Yaklaşık 95 cm yüksekliğindeki heykel, bir kolu kırık halde iki parça olarak bulundu. Heykeli ilk fark eden, akşam yürüyüşü yaparken sahilde bulunan Rushikonda sakini Dipali Naidu oldu. Heykelin önemini fark eden Naidu, hemen yetkililere haber verdi ve heykel, Andhra Pradesh Eyalet Arkeoloji ve Müzeler Departmanı tarafından kurtarıldı.
Departman Yardımcı Direktörü R. Phalguna Rao, heykelin 13. veya 14. yüzyıla ait olabileceğini tahmin ediyor, ancak Kuzey Andhra Pradesh’ten gelmesinin pek olası olmadığını belirtiyor. Rao, “O dönemde bu bölgedeki heykellerin çoğu kondalit taşlarından yapılıyordu, ancak bu heykel granitten yapılmış” dedi.

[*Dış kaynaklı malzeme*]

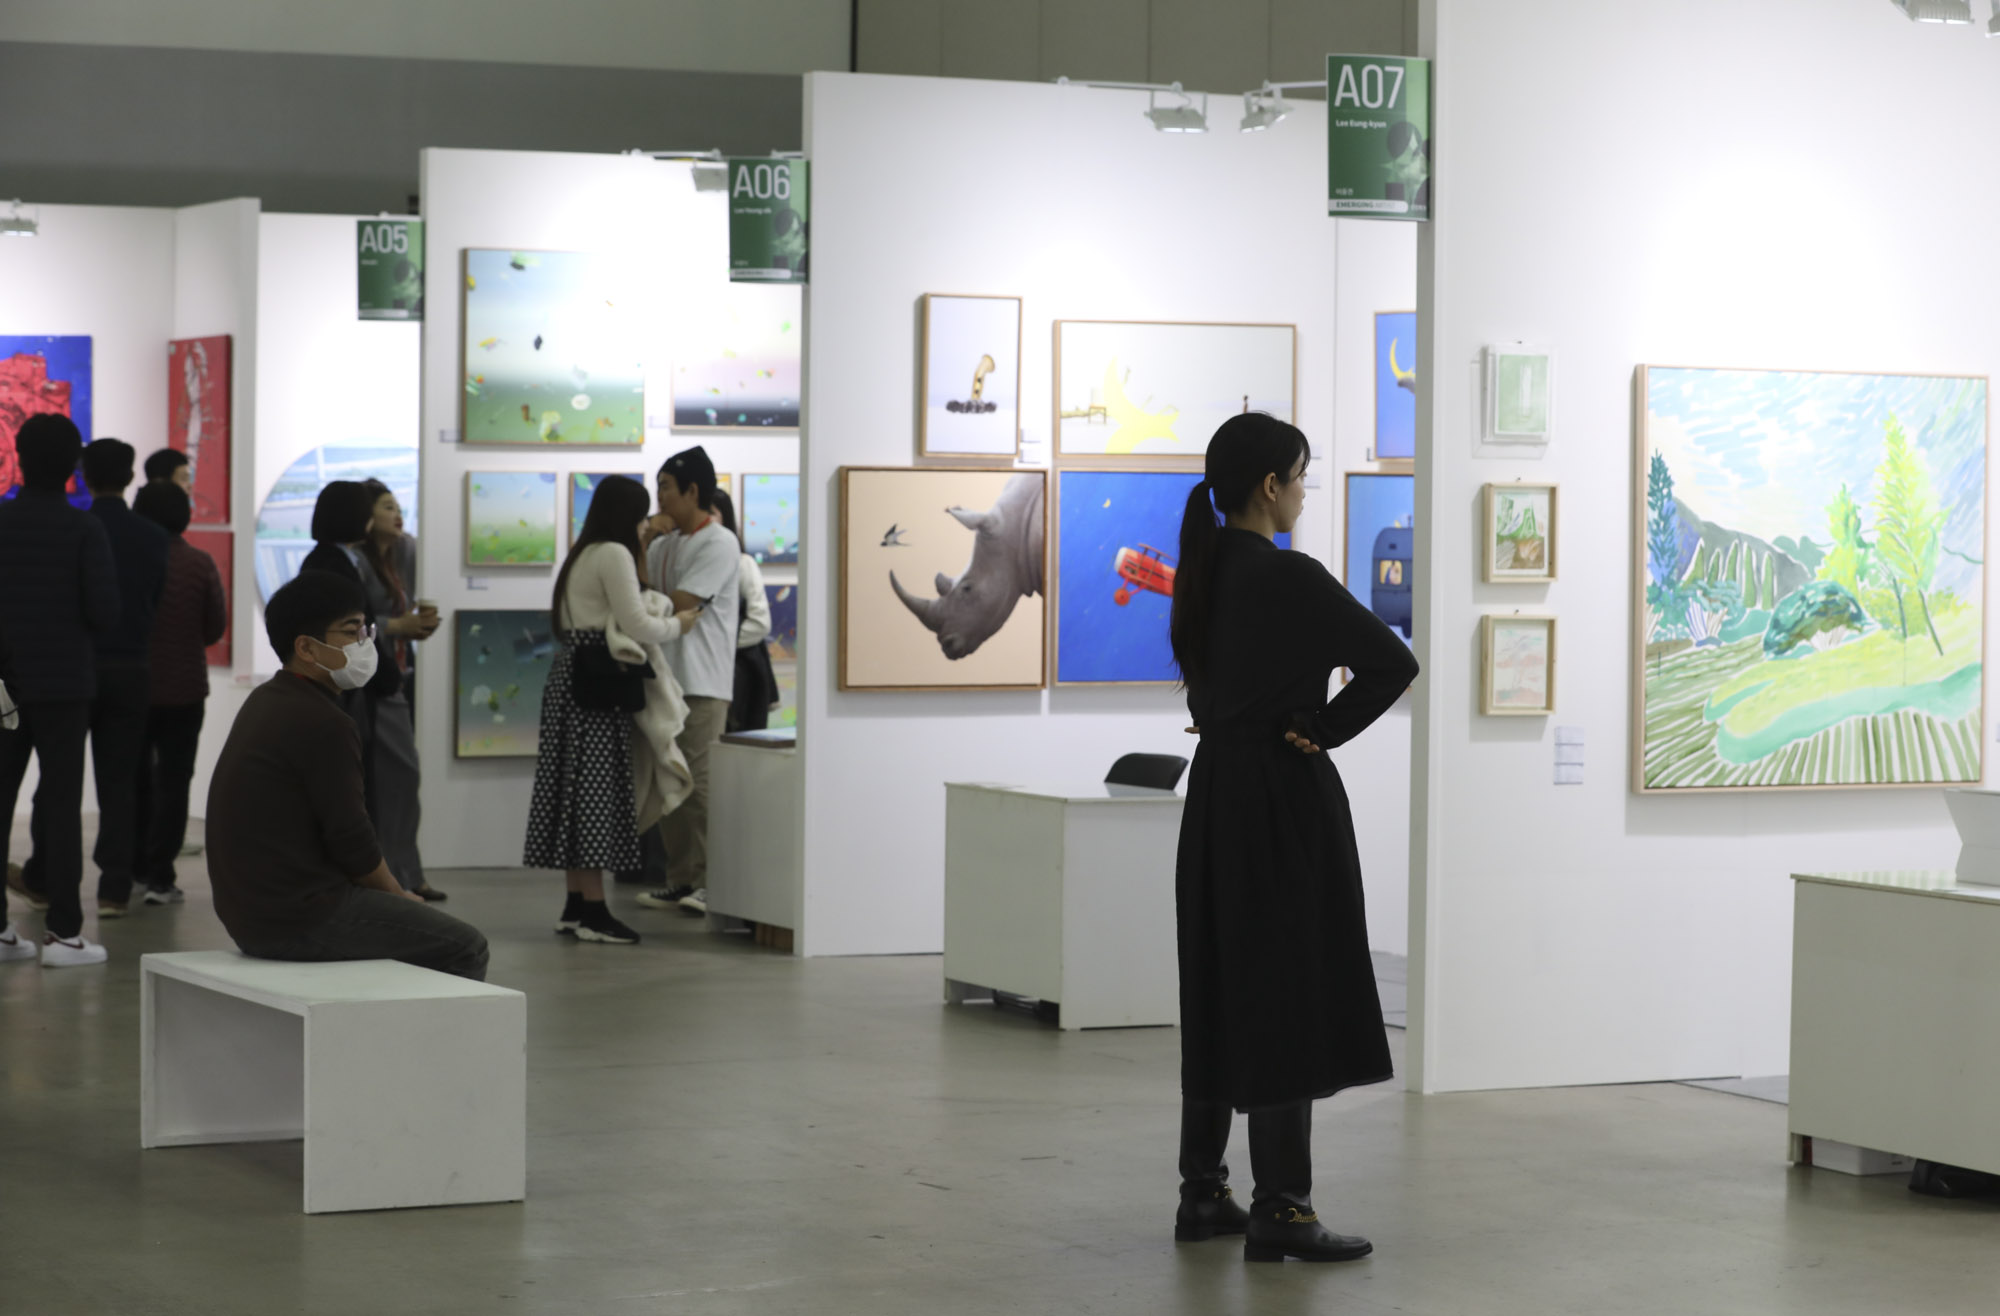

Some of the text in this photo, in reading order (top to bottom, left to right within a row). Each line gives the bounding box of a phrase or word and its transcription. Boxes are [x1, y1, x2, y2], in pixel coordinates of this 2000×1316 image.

[1334, 63, 1405, 110] A07
[733, 164, 791, 200] A06
[360, 223, 409, 254] A05
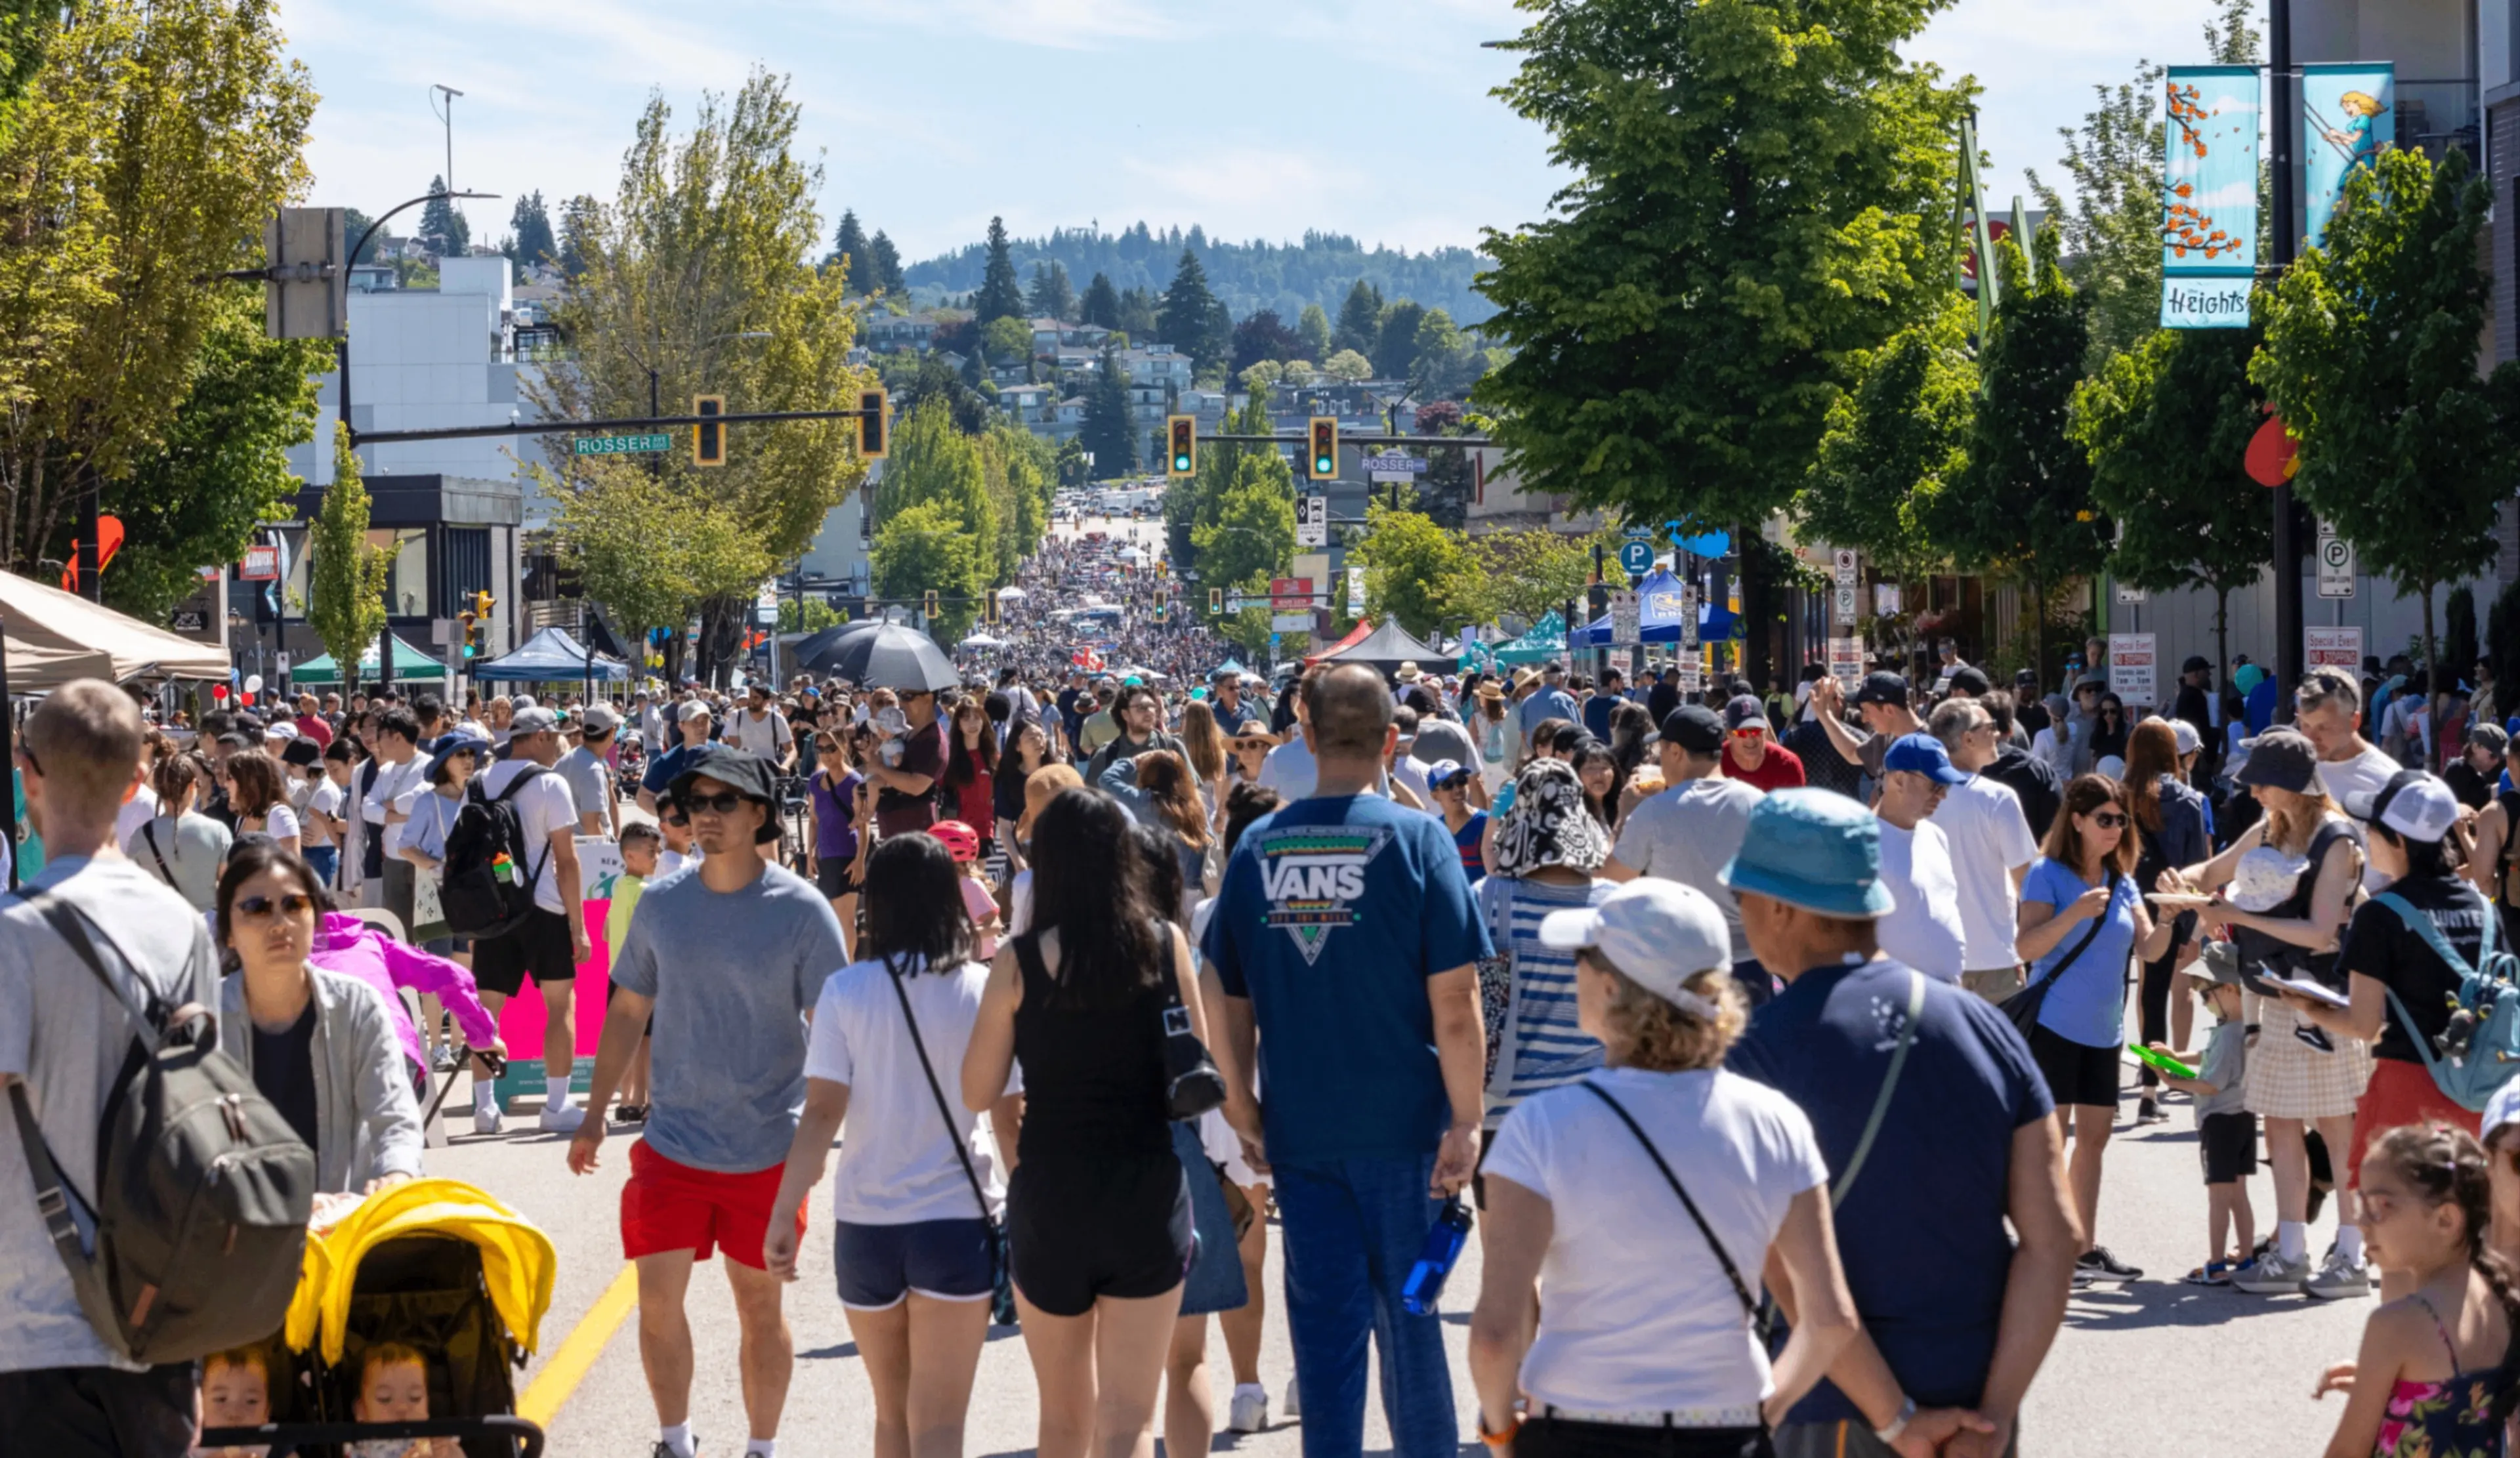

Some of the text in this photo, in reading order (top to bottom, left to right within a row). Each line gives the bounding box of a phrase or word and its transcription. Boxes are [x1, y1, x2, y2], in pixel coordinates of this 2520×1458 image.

Heykelin, Tirumala Tirupati Devasthanams (TTD) tarafından tanınan 24 ilahi formdan biri olan Lord Vishnu’nun Janardana avatarını tasvir ettiği belirlendi. Hinduizm’de evrenin koruyucusu ve kollayıcısı olarak kabul edilen Lord Vishnu, dharma (doğruluk) ilkelerini somutlaştırır ve kozmik düzeni yeniden sağlamak için dünyaya müdahale eden yardımsever bir figür olarak tasvir edilir. “Janardana” adı, Sanskritçe’de insanları veya canlıları ifade eden “Jana” ve acıyı gidermek veya hafifletmek anlamına gelen “Ardana” kelimelerinden türetilmiştir. Vishnu’nun bu formu, insanlığın koruyucusu rolünü simgeler ve yaşamı koruma ve besleme taahhüdünü vurgular.
Heykelin kırık kolu, bir zamanlar yaratılışın ilkel sesini ve doğruluğa çağrıyı temsil eden Hindu ikonografisinde önemli bir sembol olan bir shankha (deniz kabuğu) tutuyordu. Arkeologlar, heykelin bir zamanlar bir tapınağı süslemiş olabileceğine ve hasarlı tanrı heykelleri için yaygın bir uygulama olan Bengal Körfezi’ne batırılmış olabileceğine inanıyorlar.
Cumartesi akşamı, heykel halkın ziyaretine açılmak üzere Visakha Müzesi’ndeki arkeoloji bölümüne taşındı. Bay Rao, “Heykelin zaman ve gelgitler boyunca yaptığı yolculuk gerçekten büyüleyici,” diyerek heykelin tarihi önemini vurguladı.